# San Jeronimo,San Valero



## Nostalgic Stoneman (Jun 30, 2007)

My Father served on the above tankers as an apprentice cadet,(deck), around the 1920`s.
He moved on during the 2nd WW to the NZSC on the SS Tekoa,running from Australia to UK.
Later he was with GSNC on SS Caverock as 1st Mate, finished up taking supplies to the Mulberry Harbour after D.Day.

I can`t remember the name of all the tankers he served on with Eagle Oil.
I can remember that at sometime during the war, whilst on the Caverock, he was taking scrap metal from the London Blitz up to Dorman & Longs @ Middlesborough.
His name, William Henry Isted.

Regards,
Tony Isted


----------



## Dartskipper (Jan 16, 2015)

Welcome on board Tony.

You may find more about the Eagle Oil on the Helderline website,

www.hederline.nl

They have many images and records of Shell and Eagle Oil tankers, and you may find your Fathers' ships there.

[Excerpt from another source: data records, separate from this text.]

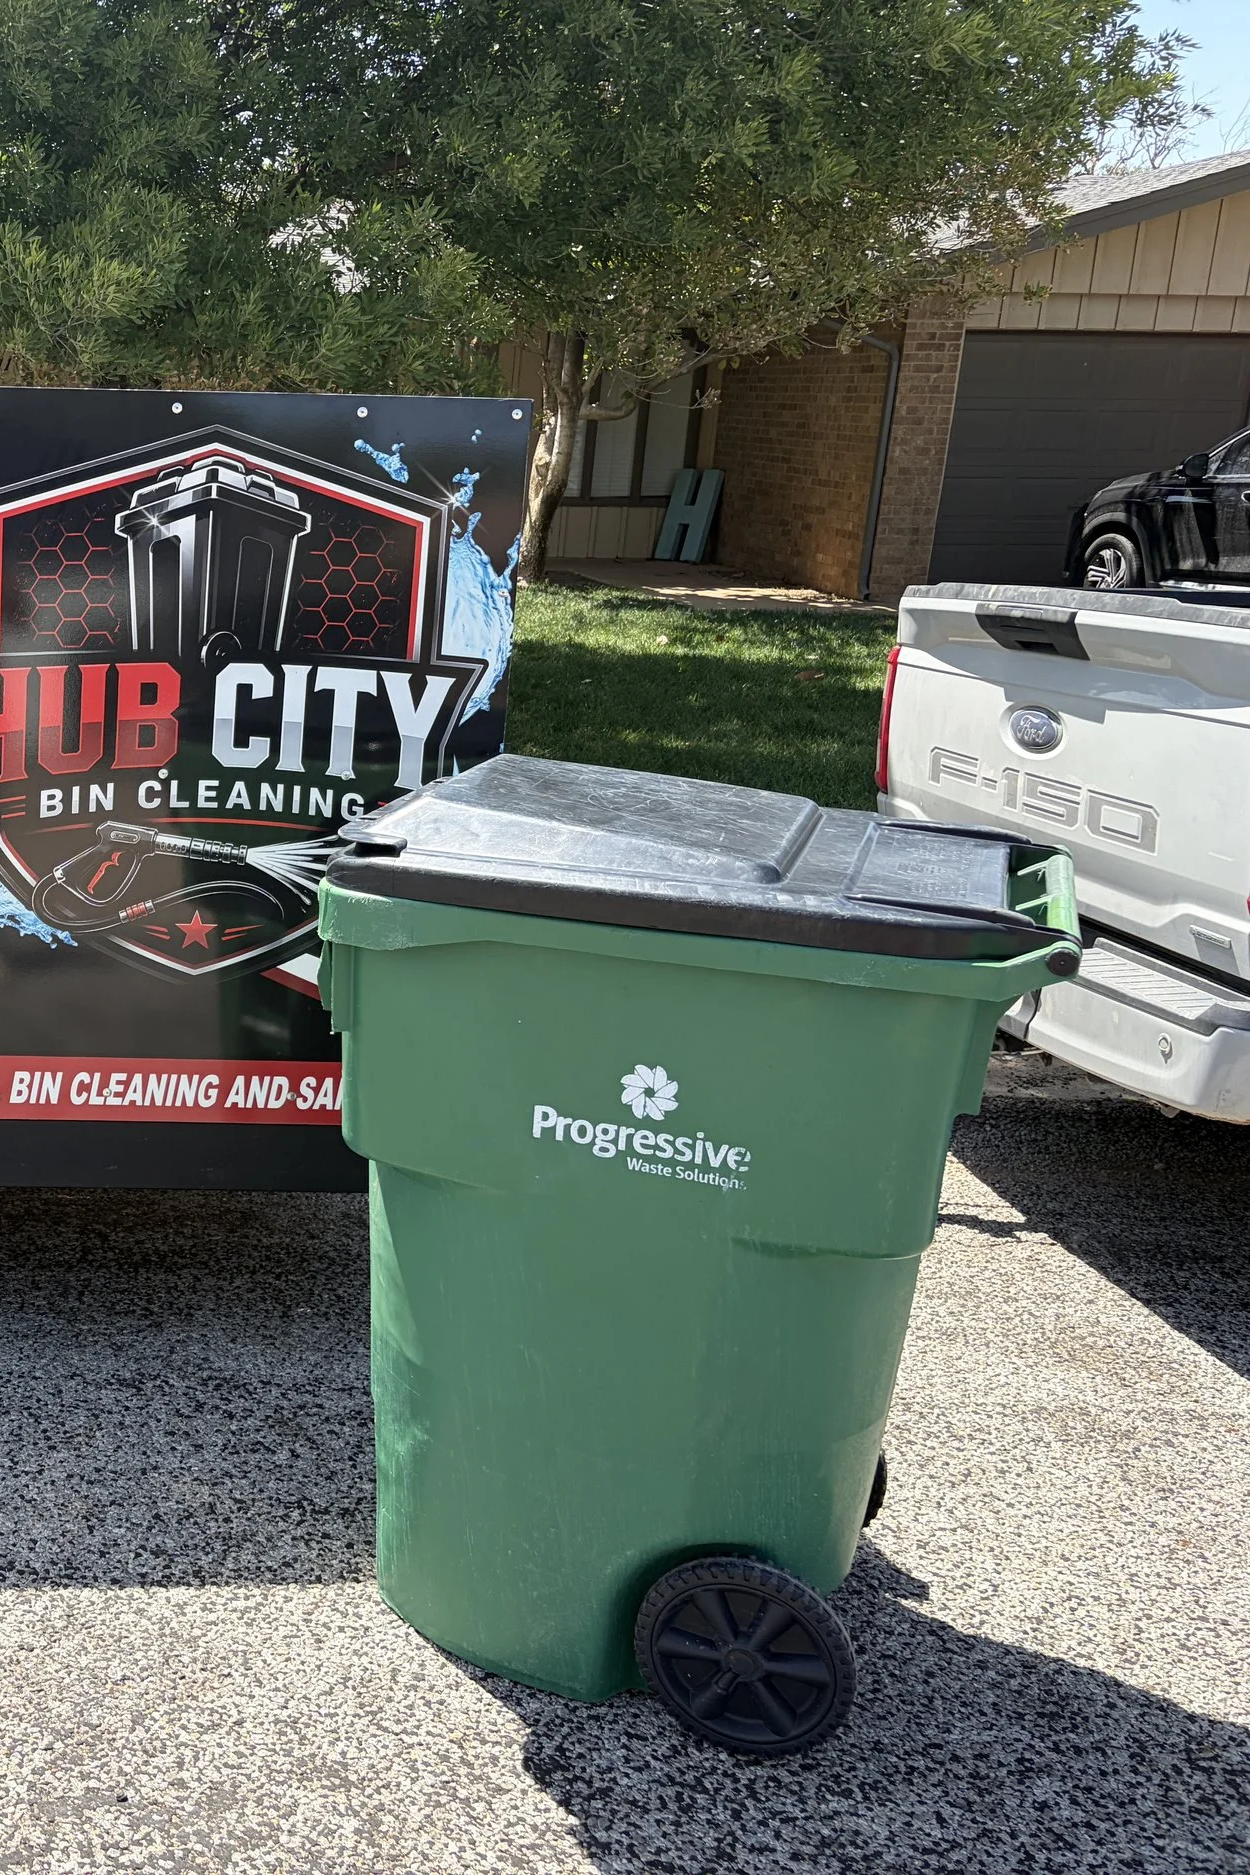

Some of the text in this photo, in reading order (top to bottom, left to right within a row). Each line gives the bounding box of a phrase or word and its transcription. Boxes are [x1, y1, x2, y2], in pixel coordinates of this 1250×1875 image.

[212, 662, 457, 790] CITY
[1016, 714, 1048, 743] Ford
[39, 779, 365, 822] BIN CLEANING
[928, 745, 1161, 856] F-150
[9, 1071, 61, 1105] BIN
[70, 1072, 220, 1108] CLEANING
[224, 1075, 290, 1109] AND
[532, 1105, 751, 1172] Progressive
[626, 1156, 672, 1178] Waste

PS, my Dad sailed in Eagle Oil from 1942 until the end of the War.

Regards,

Roy.


----------



## R58484956 (Apr 19, 2004)

Tony its a long time since you have been on site, welcome back.


----------



## Alistair Macnab (May 13, 2008)

*Eagle Oil.....*

Not too many people know that Weetman Pearson, the founder of Eagle Oil/Aguila was viewed quite favorably by the Mexican Government when compared to how they viewed Rockefeller's efforts and Andrew Weir's British-Mexican Oil Company. It is worth recording that Eagle had the first 19,000 dwt tankers - the largest ships in their day. Even so, all the ****** oil concessions in the Mexican Gulf were nationalized in 1938 but by that time, these overseas operators had all moved to Lake Maracaibo in Venezuela.


----------



## Robert Bush (May 18, 2006)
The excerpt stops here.